PM flagra loja vendendo cola a menor

PM flagra loja vendendo cola a menor

Texto: Ieda Rodrigues

Policiais militares flagraram, ontem à tarde, um estabelecimento, localizado na quadra 12 da rua 13 de Maio, vendendo cola para madeira a um menor e a um maior cujos nomes não foram divulgados. De acordo com o tenente Hudson Covolan, comandante do Pelotão Noroeste, que atendeu a ocorrência, o proprietário do estabelecimento, apesar da cola para madeira não ser considerada entorpecente, vai responder a processo por infração ao artigo 243 do Estatuto da Criança e do Adolescente.

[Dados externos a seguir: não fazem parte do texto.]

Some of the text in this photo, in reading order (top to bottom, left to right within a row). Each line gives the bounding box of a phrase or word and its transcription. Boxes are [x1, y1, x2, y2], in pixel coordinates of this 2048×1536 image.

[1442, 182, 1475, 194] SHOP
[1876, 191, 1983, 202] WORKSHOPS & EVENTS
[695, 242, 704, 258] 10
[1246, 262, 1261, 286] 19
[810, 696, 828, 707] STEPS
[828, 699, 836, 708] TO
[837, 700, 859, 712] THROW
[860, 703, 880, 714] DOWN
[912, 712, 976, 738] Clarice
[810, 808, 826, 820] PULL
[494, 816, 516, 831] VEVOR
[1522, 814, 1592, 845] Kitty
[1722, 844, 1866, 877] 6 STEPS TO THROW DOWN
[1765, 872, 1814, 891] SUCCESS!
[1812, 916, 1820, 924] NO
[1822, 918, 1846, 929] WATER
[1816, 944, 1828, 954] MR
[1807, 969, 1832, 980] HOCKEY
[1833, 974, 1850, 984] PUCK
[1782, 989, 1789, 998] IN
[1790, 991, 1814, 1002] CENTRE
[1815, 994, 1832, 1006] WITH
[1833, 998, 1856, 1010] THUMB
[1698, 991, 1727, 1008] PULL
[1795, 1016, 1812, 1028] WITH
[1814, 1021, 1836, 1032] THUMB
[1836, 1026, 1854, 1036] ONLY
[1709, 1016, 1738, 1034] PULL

Esse artigo trata de substâncias que podem provocar dependência física ou psíquica a menores e prevê detenção de seis meses a dois anos. O proprietário do estabelecimento, que preferiu não ter seu nome divulgado, disse que não vendeu cola ao menor e ao maior. Os dois, abordados pela polícia ao saírem do estabelecimento carregando duas latinhas de cola para madeira em uma sacola plástica, já estavam totalmente dopados. A venda de cola para menores é proibida.

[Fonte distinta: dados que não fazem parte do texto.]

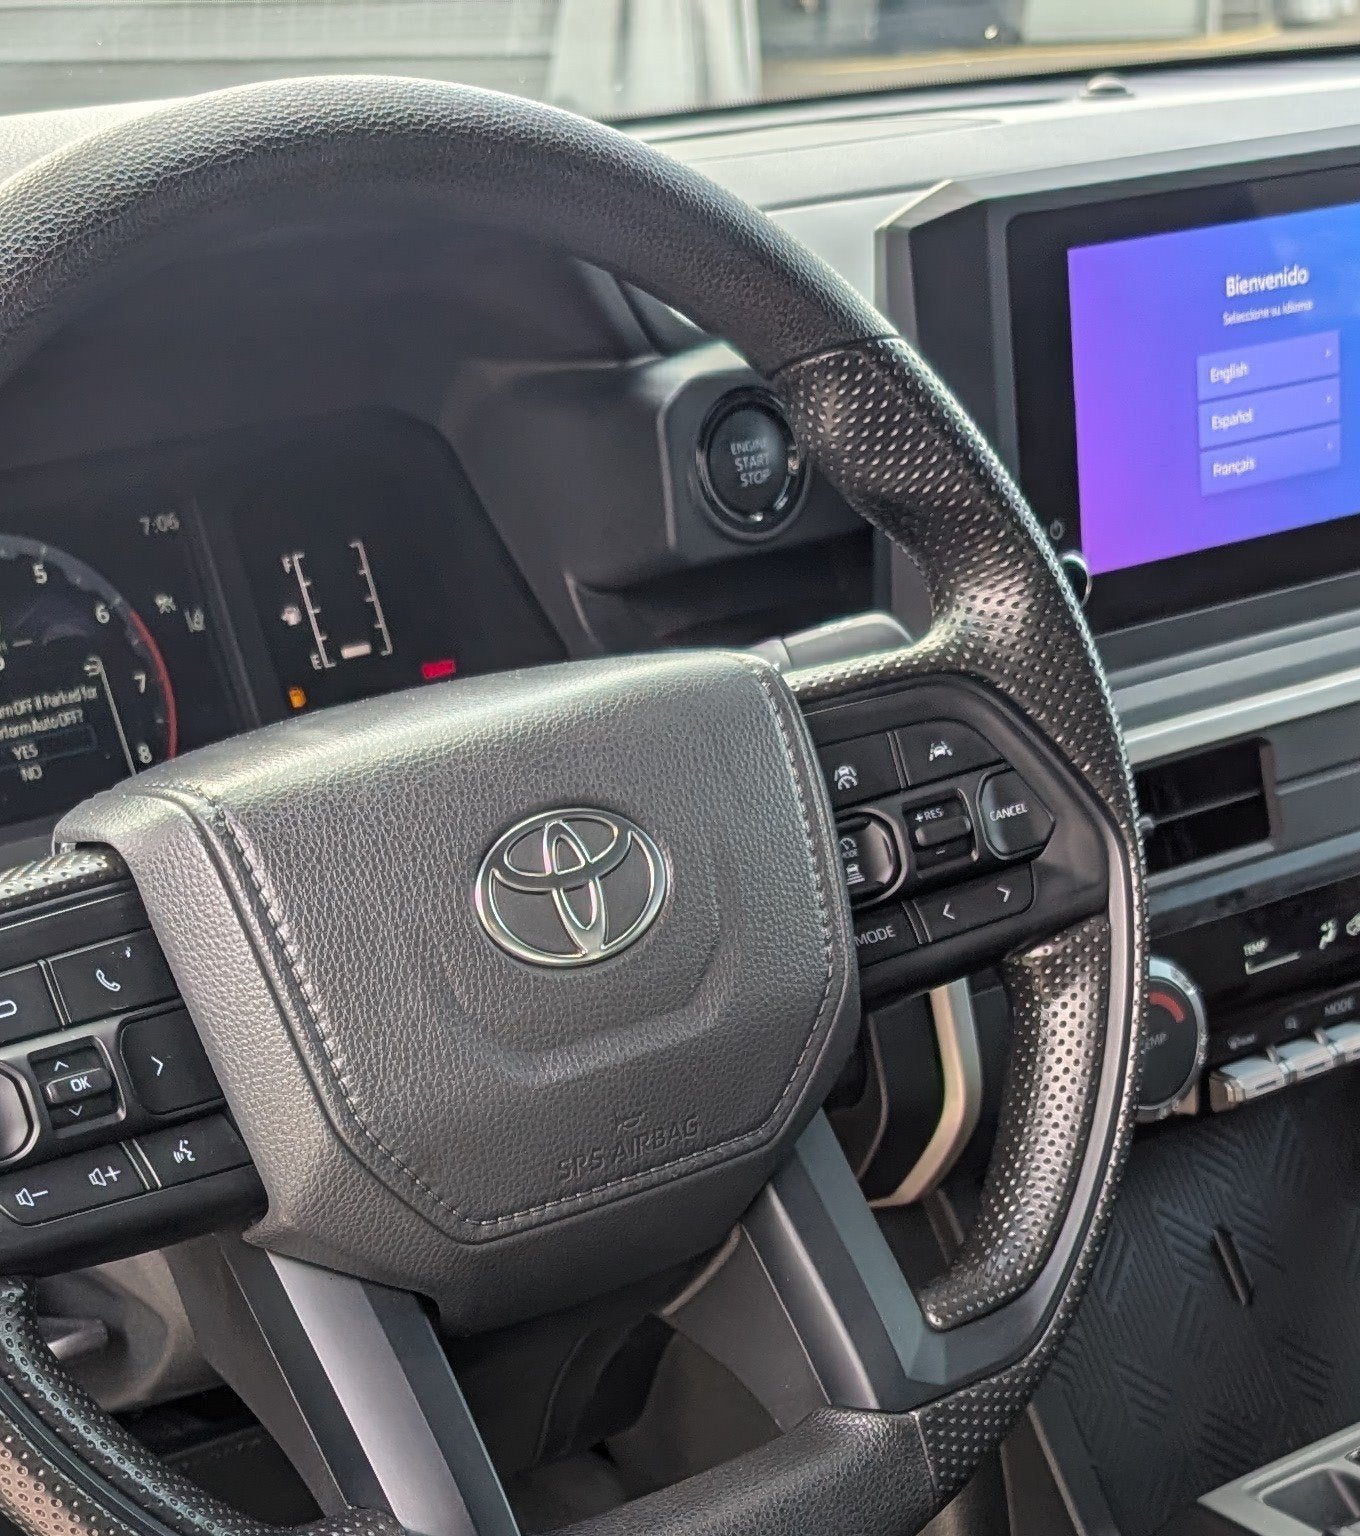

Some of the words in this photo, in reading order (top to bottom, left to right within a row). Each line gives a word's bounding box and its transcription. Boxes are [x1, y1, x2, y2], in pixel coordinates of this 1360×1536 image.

[1225, 264, 1310, 298] Bienvenido
[1210, 362, 1249, 384] English
[1211, 408, 1254, 430] Español
[730, 438, 767, 455] ENGINE
[734, 452, 770, 472] START
[1213, 457, 1256, 478] Français
[739, 468, 772, 488] STOP
[32, 563, 48, 584] 5
[94, 604, 111, 625] 6
[133, 671, 147, 694] 7
[13, 698, 33, 716] OFF
[42, 688, 82, 708] Parked
[80, 685, 98, 701] for
[11, 743, 40, 761] YES
[138, 742, 154, 764] 8
[19, 764, 43, 783] NO
[990, 803, 1028, 822] CANCEL
[853, 926, 897, 947] MODE
[1243, 939, 1269, 957] TEMP
[1324, 996, 1356, 1016] MODE
[70, 1076, 92, 1093] OK
[614, 1115, 701, 1164] AIRBAG

O tenente Covolan explicou que recebeu uma denúncia de que o estabelecimento vendia cola a menores. De posse da informação, os policiais que trabalham no trânsito, no cruzamento da avenida Duque de Caxias com a rua 13 de Maio, foram orientados a observar a movimentação no estabelecimento, que fica a poucos metros do cruzamento.

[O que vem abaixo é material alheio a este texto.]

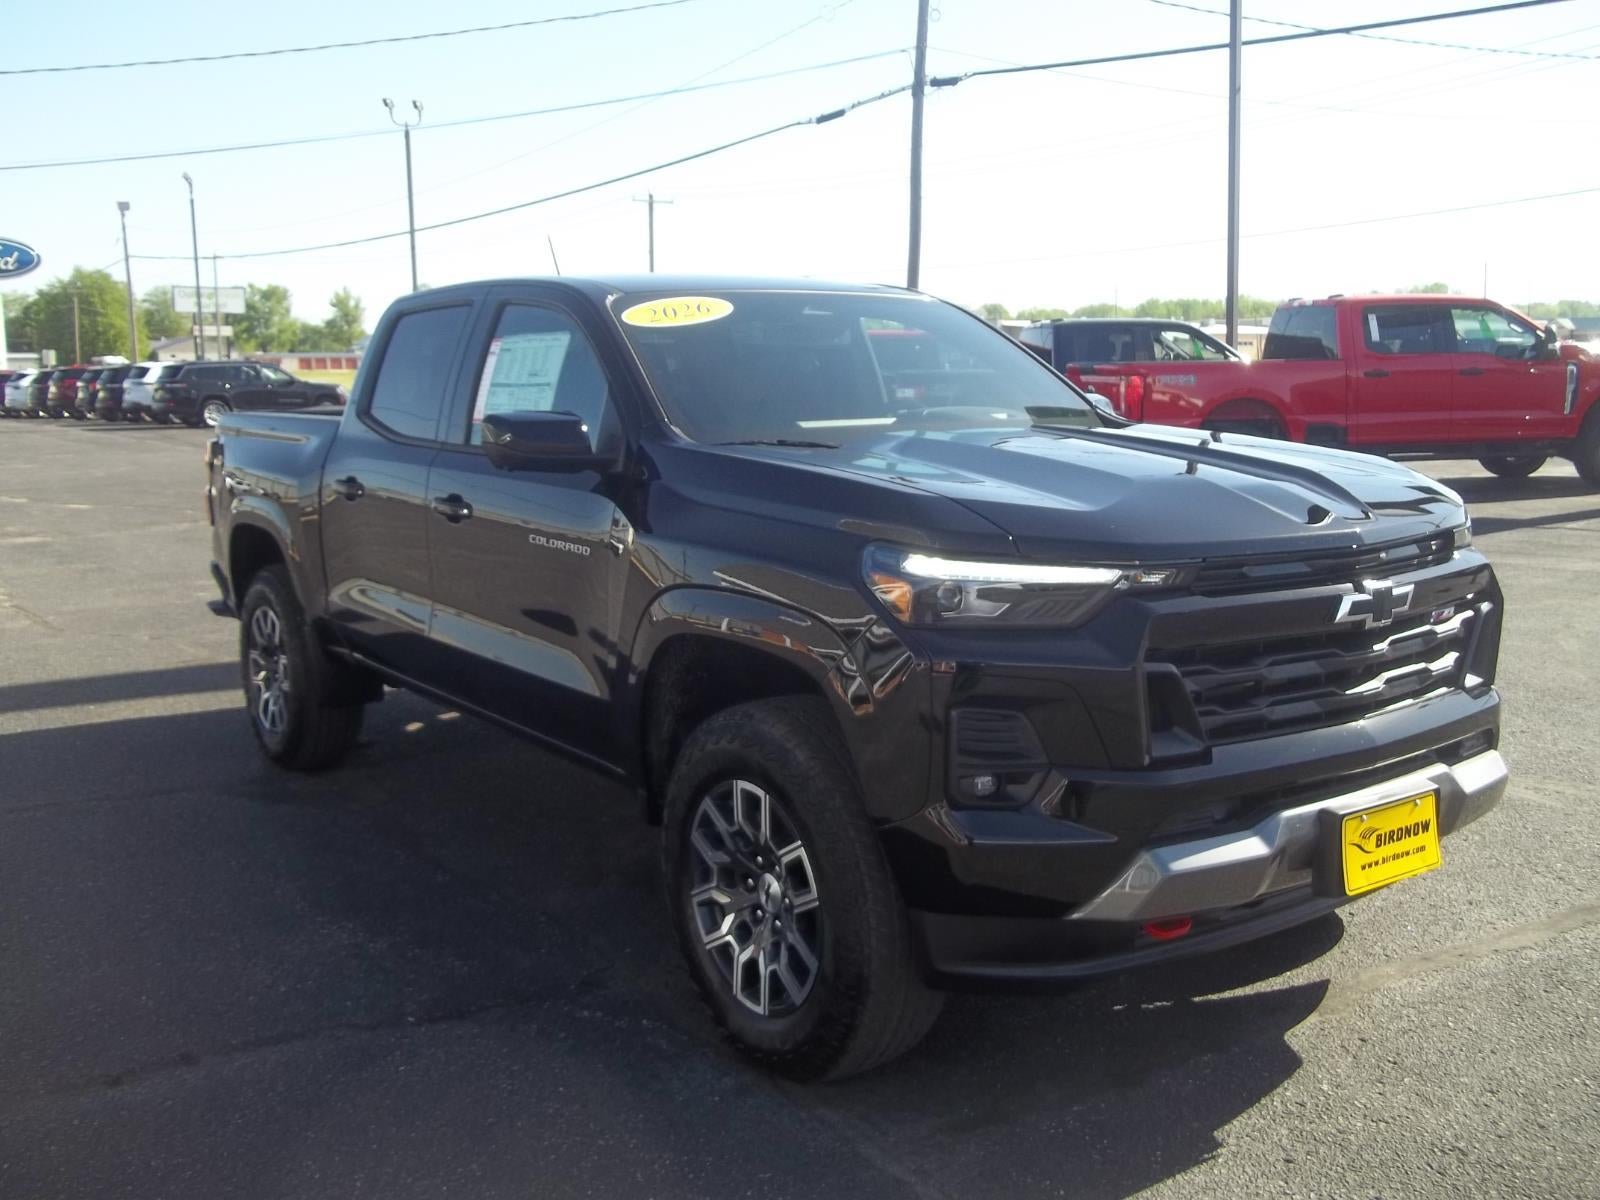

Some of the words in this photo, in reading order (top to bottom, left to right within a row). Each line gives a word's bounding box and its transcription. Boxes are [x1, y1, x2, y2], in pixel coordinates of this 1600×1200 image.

Ontem à tarde, segundo o tenente, três policiais que estavam na esquina viram quando dois rapazes - um menor e um maior - entraram no estabelecimento. Os policiais disseram que viram um funcionário embrulhar as latas de cola em jornal, colocá-las em uma sacola plástica e entregar

à dupla.

Então, os policiais abordaram os dois rapazes quando eles saíam do estabelecimento. Na sacola, encontraram duas latas de cola, produto semelhante ao existente para venda no estabelecimento. Os dois já estavam dopados e a polícia não soube informar se haviam feito uso de cola ou de outro produto.

O proprietário do estabelecimento disse que nunca vendeu cola a menores. Os policiais ressaltaram a importância de que a lei seja cumprida, pois sob influência de cola, os menores podem cometer uma série de outros delitos, como furtos e roubos.